Data inside Google Analytics and Google Ads may not match due to discrepancies in how each platform measures and reports. Let’s get to the bottom of how to fix it.
Here, you’ll find:
Is your data looking more scrambled than a breakfast burrito?
We’ve been there. (And now we’re hungry.)
The fact is, getting Google Analytics and Google Ads to match requires in-depth knowledge of data attribution. So, let’s get to the heart of why your data may not match and what you can do about it.
Why doesn’t the data in Google Ads and Google Analytics match?
Data inside Google Analytics and Google Ads may not match due to differences in how each platform measures and reports conversions and potential user behavior nuances.
While both platforms aim to capture user interactions, their methods and mechanisms can vary, leading to differences in your reported metrics.
We asked HawkSEM’s CEO, Sam Yadegar, to explain a bit more about why you might find differences between Google Ads and Analytics.
“Oftentimes, it’s the attribution model that causes the mismatch,” he says. “Understanding the difference between how Google Ads attributes a conversion versus how Analytics does may explain the discrepancy.”
How do I sync Google Ads with Google Analytics?
By integrating Google Ads with Google Analytics, you can gain a holistic view of user interactions, track conversions more accurately, and refine your digital marketing strategies based on data-driven insights.

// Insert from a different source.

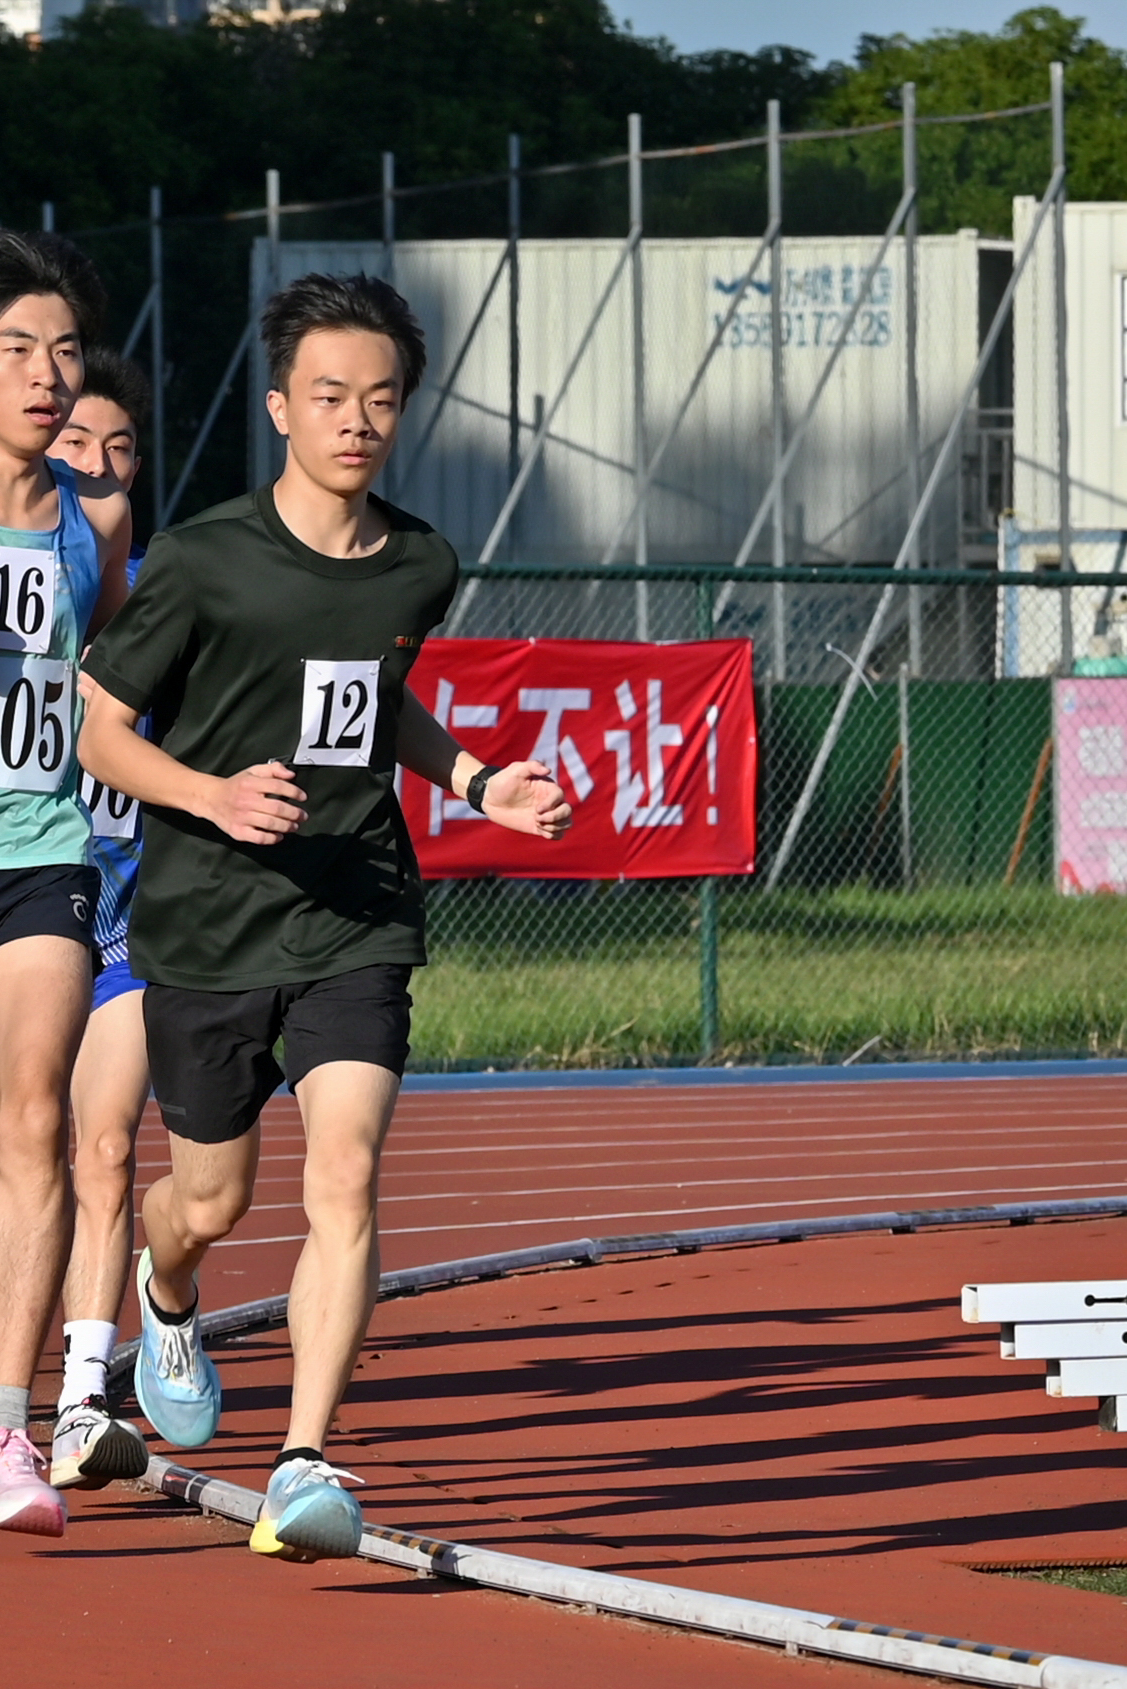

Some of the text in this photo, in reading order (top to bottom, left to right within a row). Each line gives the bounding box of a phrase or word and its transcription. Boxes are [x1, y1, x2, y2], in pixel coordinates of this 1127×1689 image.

[307, 679, 367, 750] 12
[393, 677, 718, 837] 仁不让！

Here is a quick explanation of how to sync your accounts:
Link your accounts
- Log into your Google Ads
- Navigate to the “Tools & Settings” menu
- Select “Linked accounts”
- Follow the prompts to link your Google Analytics account
Ensure auto-tagging is enabled in your Google Ads account. This feature appends a unique tracking parameter called a GCLID (Google Click Identifier) to your ad URLs, facilitating the exchange of data between Google Ads and Google Analytics.
Auto-tagging is essential for accurate data collection between these two platforms. If auto-tagging is disabled and you haven’t manually added campaign tracking variables to the final URLs, the incoming traffic might not be categorized as Google CPC (clicks originating from Google Ads campaigns).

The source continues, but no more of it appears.